■ Directions: Where an image appears, leave it out; otherwise repeat the data exactly.

■ Input material:
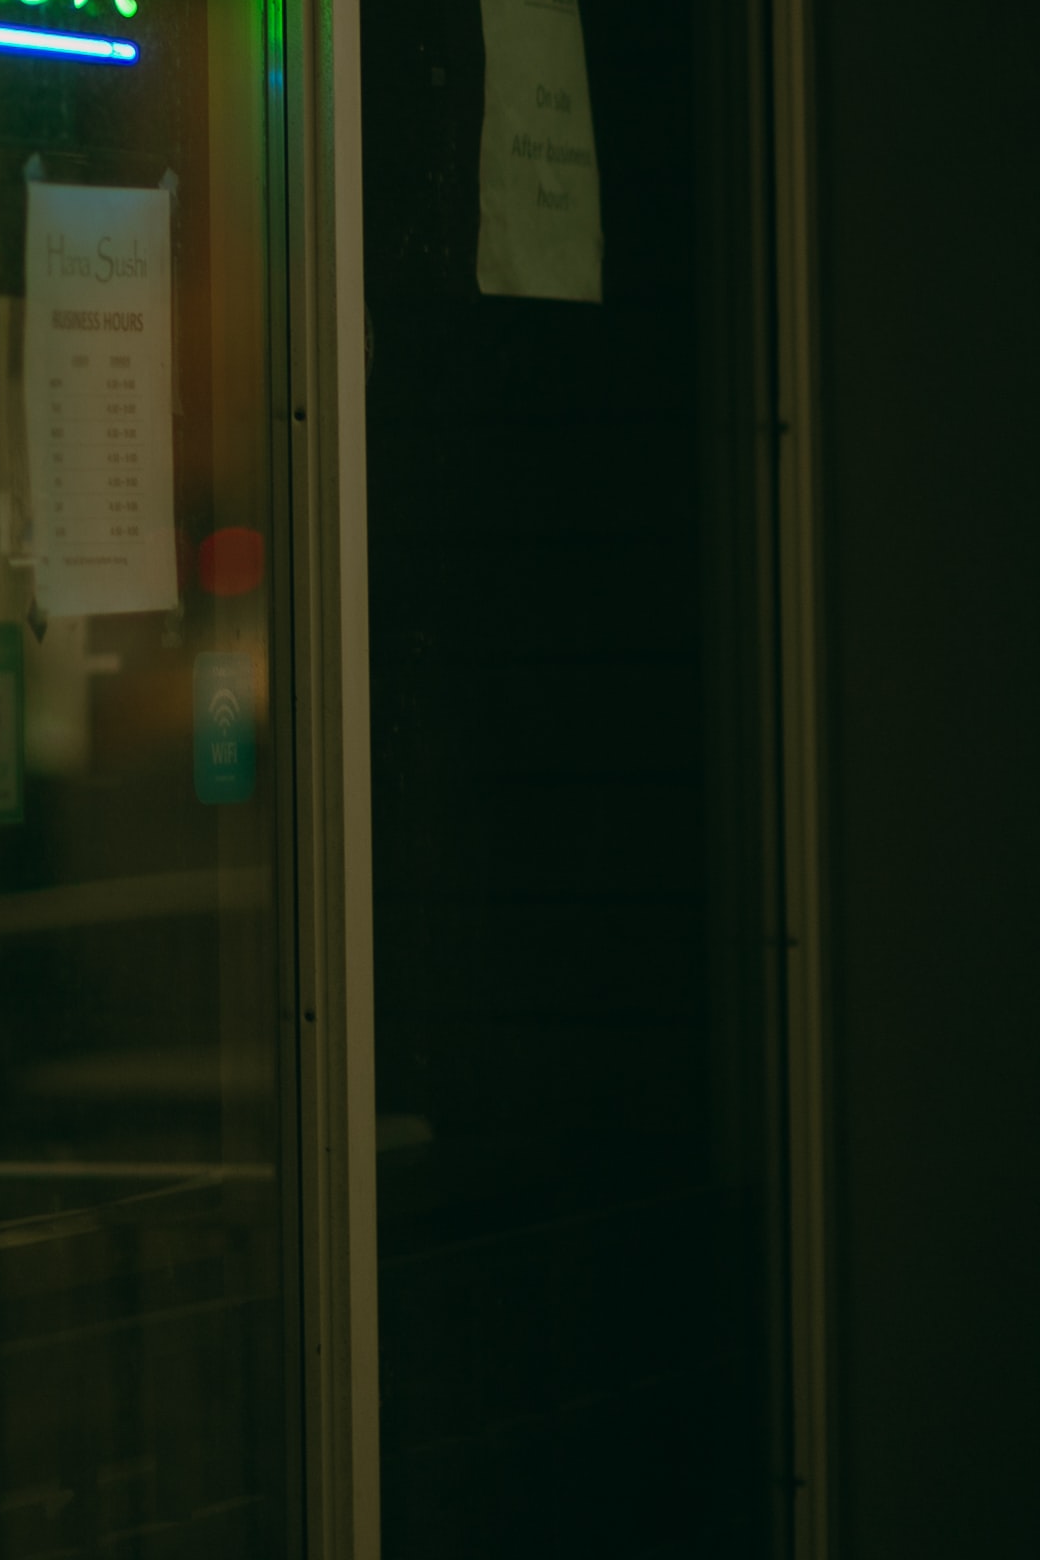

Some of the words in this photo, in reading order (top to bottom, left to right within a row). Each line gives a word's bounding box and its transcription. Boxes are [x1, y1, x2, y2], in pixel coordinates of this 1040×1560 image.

[536, 86, 552, 108] On
[511, 133, 544, 159] After
[46, 234, 91, 278] Hana
[94, 235, 148, 283] Sushi
[51, 309, 101, 332] BUSINESS
[103, 311, 144, 334] HOURS
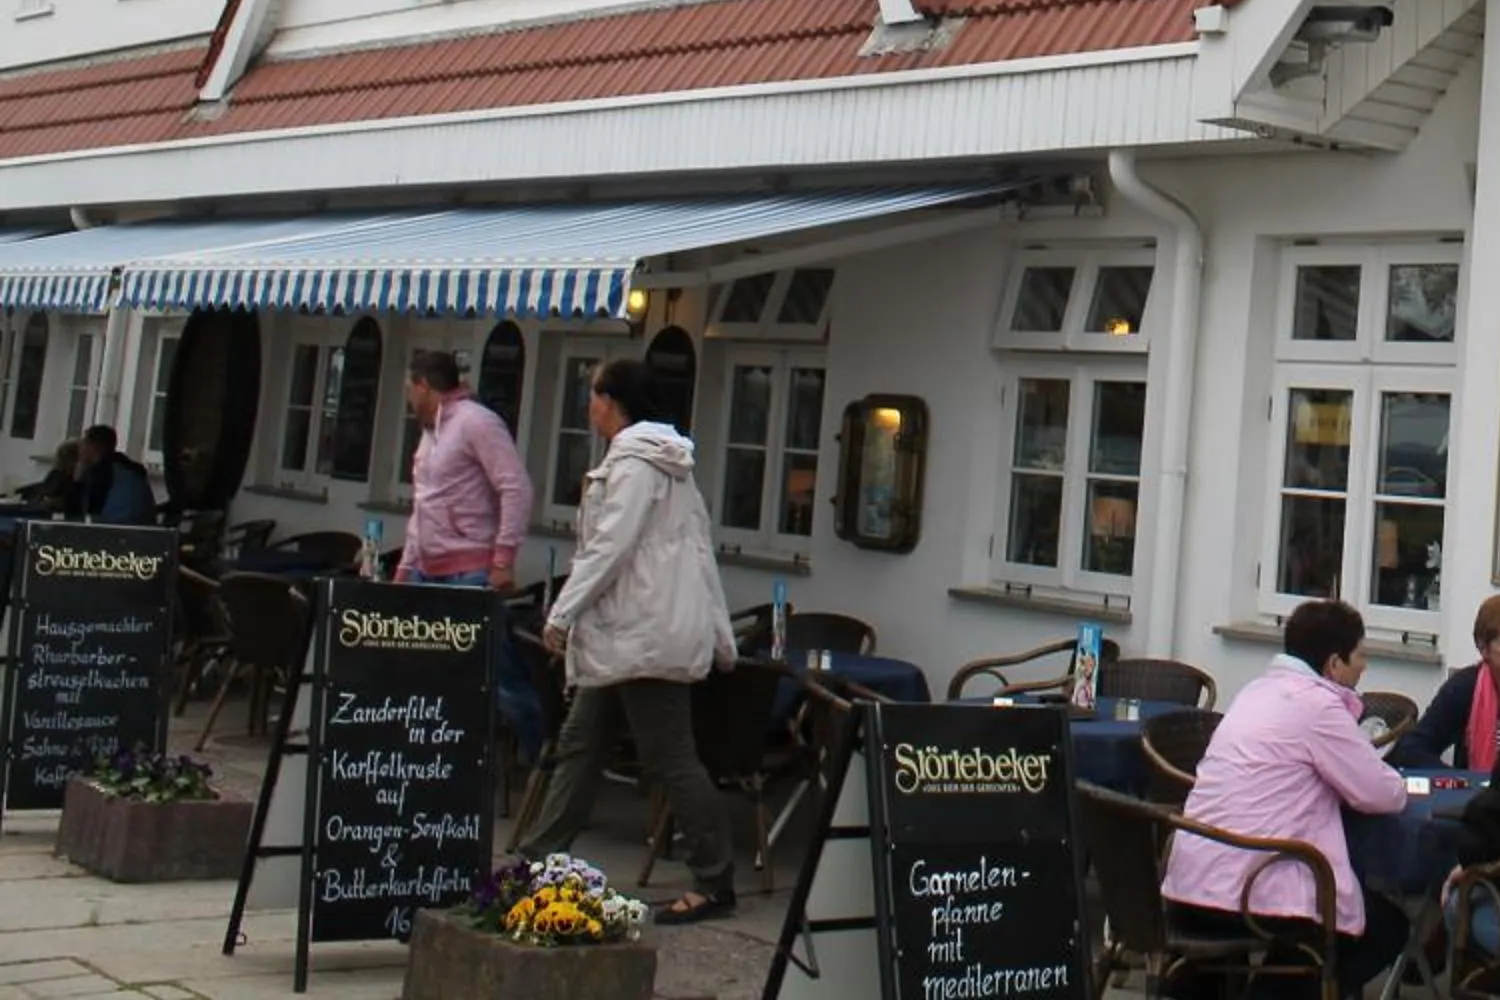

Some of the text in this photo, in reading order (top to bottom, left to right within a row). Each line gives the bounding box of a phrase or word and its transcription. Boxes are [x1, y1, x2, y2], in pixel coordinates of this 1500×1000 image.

[35, 545, 164, 580] Störtebeker
[339, 609, 481, 651] Störtebeker
[330, 691, 444, 728] Zanderfilet
[409, 720, 465, 744] in der
[895, 743, 1051, 793] Störtebeker
[376, 781, 410, 815] auf
[321, 865, 471, 902] Butterkartoffeln
[931, 896, 1004, 935] pfanne
[927, 927, 964, 964] mit
[921, 962, 1069, 1000] mediterranen

■ Response to the exercise:
Some of the words in this photo, in reading order (top to bottom, left to right within a row). Each line gives a word's bounding box and its transcription. Boxes are [x1, y1, x2, y2], in pixel coordinates of this 1040×1560 image.

[536, 86, 552, 108] On
[511, 133, 544, 159] After
[46, 234, 91, 278] Hana
[94, 235, 148, 283] Sushi
[51, 309, 101, 332] BUSINESS
[103, 311, 144, 334] HOURS

Some of the text in this photo, in reading order (top to bottom, left to right within a row). Each line gives the bounding box of a phrase or word and its transcription. Boxes are [x1, y1, x2, y2], in pixel coordinates of this 1500×1000 image.

[35, 545, 164, 580] Störtebeker
[339, 609, 481, 651] Störtebeker
[330, 691, 444, 728] Zanderfilet
[409, 720, 465, 744] in der
[895, 743, 1051, 793] Störtebeker
[376, 781, 410, 815] auf
[321, 865, 471, 902] Butterkartoffeln
[931, 896, 1004, 935] pfanne
[927, 927, 964, 964] mit
[921, 962, 1069, 1000] mediterranen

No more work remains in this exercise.